The new champs? Panasonic, Sharp, and (in a major surprise) Pioneer. Earning two better-than-average scores each, Panasonic and Sharp simply maintained their ratings from last year while the previous leaders slid backward. Pioneer, however, leaped forward to tie them (after receiving all average ratings last year), and it garnered the only better-than-average mark in readers' overall satisfaction with their TVs. We were pleased to see JVC earn average scores across the board; last year it finished next-to-last, with three worse-than-average scores.
At the bottom of the HDTV heap, Hitachi, Olevia, Toshiba, and Westinghouse each turned in one subpar score, while Mitsubishi again landed in the cellar, with three below-average ratings (that showing is still better than last year's, when Mitsubishi accumulated four below-average ratings). Still, 20.6 percent of Mitsubishi owners reported problems that were severe enough to stop their TV set from working. "Help me actually get my TV functioning again," says unhappy Mitsubishi owner Michael Lys of Northville, Michigan. "My $US3000 TV is now basically useless; I know it was after the warranty expired, but it seems like such a waste."
To be fair to Mitsubishi, a significant number of the complaints we received in our survey came from owners of Mitsubishi rear-projection HDTVs whose bulbs had burned out. Those bulbs, our readers tell us, can run anywhere from $US100 to $US250 to replace, depending on the particular TV model.
The reliability of high-definition televisions seems to be improving overall, though not by leaps and bounds. Only 1.7 percent of users reported problems with their TVs when they first unboxed them this year, and 4.7 percent of users reported severe problems during the lifetime of their sets. The corresponding figures last year were 2.6 percent and 5.4 percent, respectively.

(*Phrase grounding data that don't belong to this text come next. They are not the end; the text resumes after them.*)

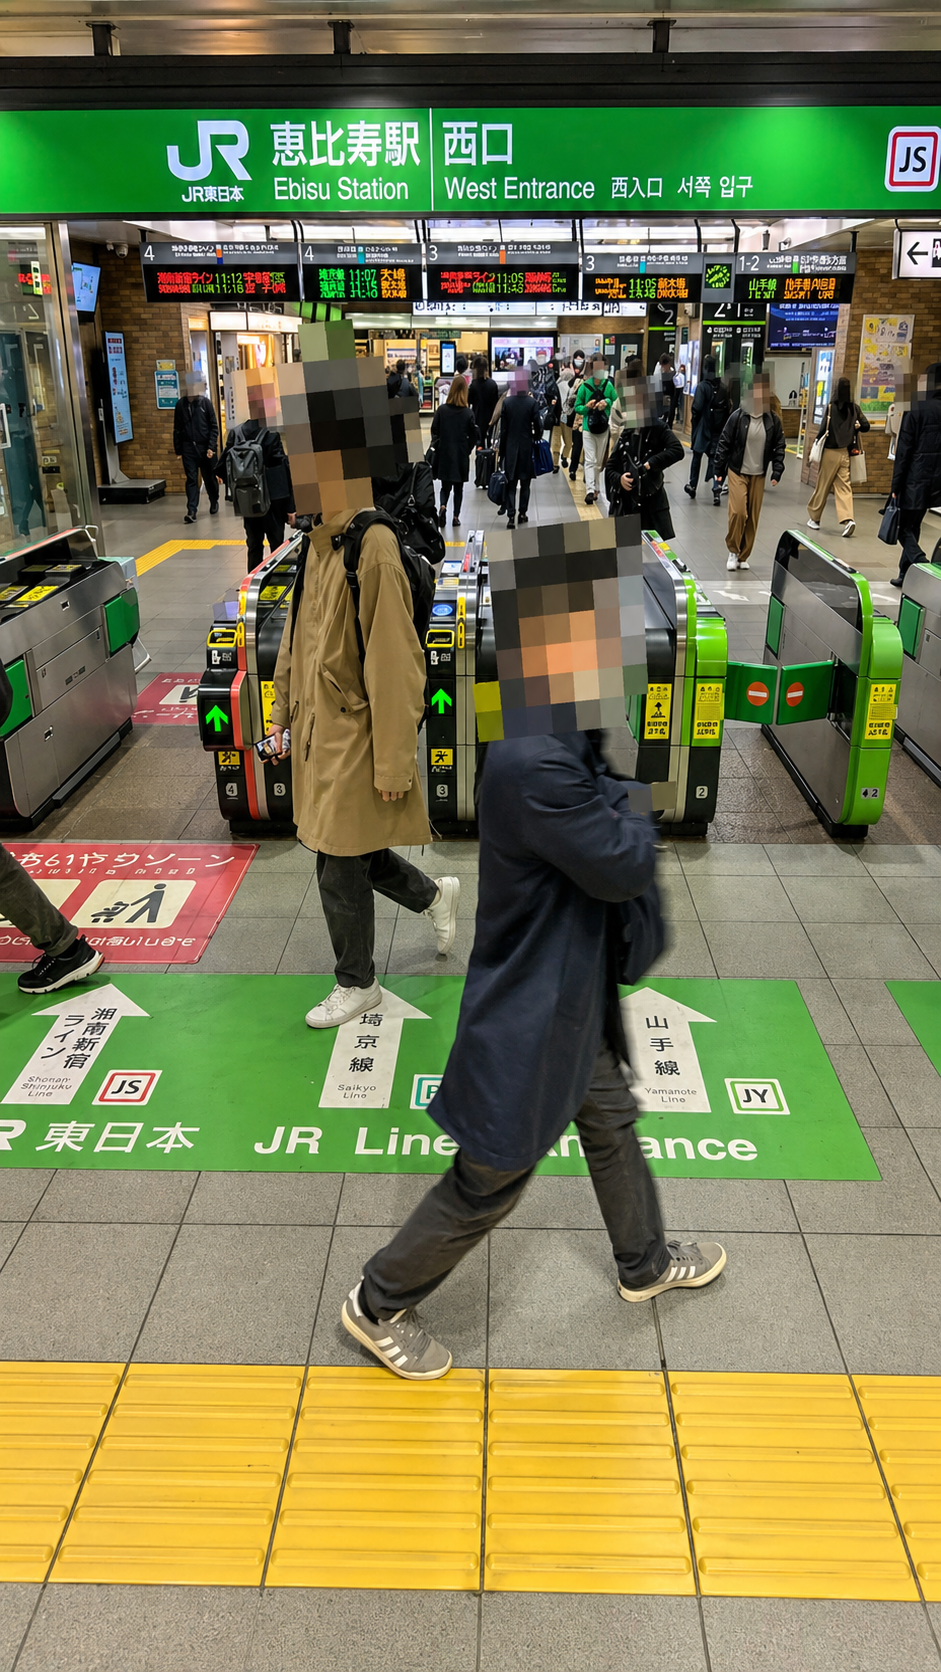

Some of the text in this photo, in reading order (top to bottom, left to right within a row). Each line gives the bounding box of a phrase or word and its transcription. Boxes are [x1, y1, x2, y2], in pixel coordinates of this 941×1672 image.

[167, 120, 252, 181] JR
[270, 120, 421, 167] 恵比寿駅
[442, 121, 513, 166] 西口
[898, 145, 927, 173] JS
[182, 186, 244, 202] JR東日本
[274, 177, 408, 200] Ebisu Station
[445, 177, 595, 200] West Entrance
[611, 177, 663, 199] 西入口
[677, 175, 753, 198] 서쪽 입구
[144, 245, 155, 261] 4
[304, 245, 314, 261] 4
[429, 245, 438, 261] 3
[586, 255, 595, 271] 3
[739, 255, 760, 271] 1-2
[349, 268, 377, 281] 11:07
[228, 785, 234, 794] 4
[276, 785, 283, 794] 3
[439, 786, 445, 795] 3
[698, 787, 705, 796] 2
[41, 1015, 84, 1059] ライン
[645, 1015, 680, 1076] 山手線
[111, 1080, 142, 1094] JS
[337, 1084, 377, 1092] Saikyo
[644, 1087, 697, 1096] Yamanote
[742, 1089, 768, 1103] JY
[253, 1126, 323, 1154] JR
[354, 1127, 461, 1156] Line

Was it a fluke? Last year Fujifilm astonished us with an unexpected top-drawer showing, ranking alongside Panasonic as the most reliable camera brand on the market. This year the camera rankings shifted: Fujifilm sank back into the middle of the pack, and traditional category powerhouse Canon returned to the top of the list, where it had been a stalwart in prior years.

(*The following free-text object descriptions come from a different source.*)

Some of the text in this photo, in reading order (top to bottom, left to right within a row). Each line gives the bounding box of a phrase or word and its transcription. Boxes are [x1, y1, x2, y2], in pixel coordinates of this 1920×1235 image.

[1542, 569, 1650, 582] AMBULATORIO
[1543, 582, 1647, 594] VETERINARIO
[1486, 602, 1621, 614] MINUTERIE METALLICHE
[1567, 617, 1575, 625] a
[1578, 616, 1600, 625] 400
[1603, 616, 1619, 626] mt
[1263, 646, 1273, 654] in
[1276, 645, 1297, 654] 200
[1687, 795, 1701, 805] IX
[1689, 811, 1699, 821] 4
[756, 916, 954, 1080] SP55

This year's camera maker on the move was Nikon, which jumped from second-to-last in 2009's survey to third place this year, as users cited few problems on arrival and praised the brand's overall reliability. Though it didn't match the showings of Canon and Panasonic, Nikon would have come even closer to the top two this year if our survey respondents hadn't rated its cameras harder than average to use. (This rating isn't altogether surprising, however, since Nikon sells lots of sophisticated, high-end cameras with inherently more-complicated controls.)
At the bottom of our rankings this year are Kodak and Samsung, both of which received worse-than-average scores for "overall satisfaction with reliability" compared to their peers in the camera market. Kodak owners report high satisfaction levels with their cameras' ease of use, but report a higher-than-average rate of significant problems. Samsung cameras don't incur any more actual problems than other brands, according to readers, yet owners of the cameras report lower-than-average satisfaction levels with the general reliability of the cameras.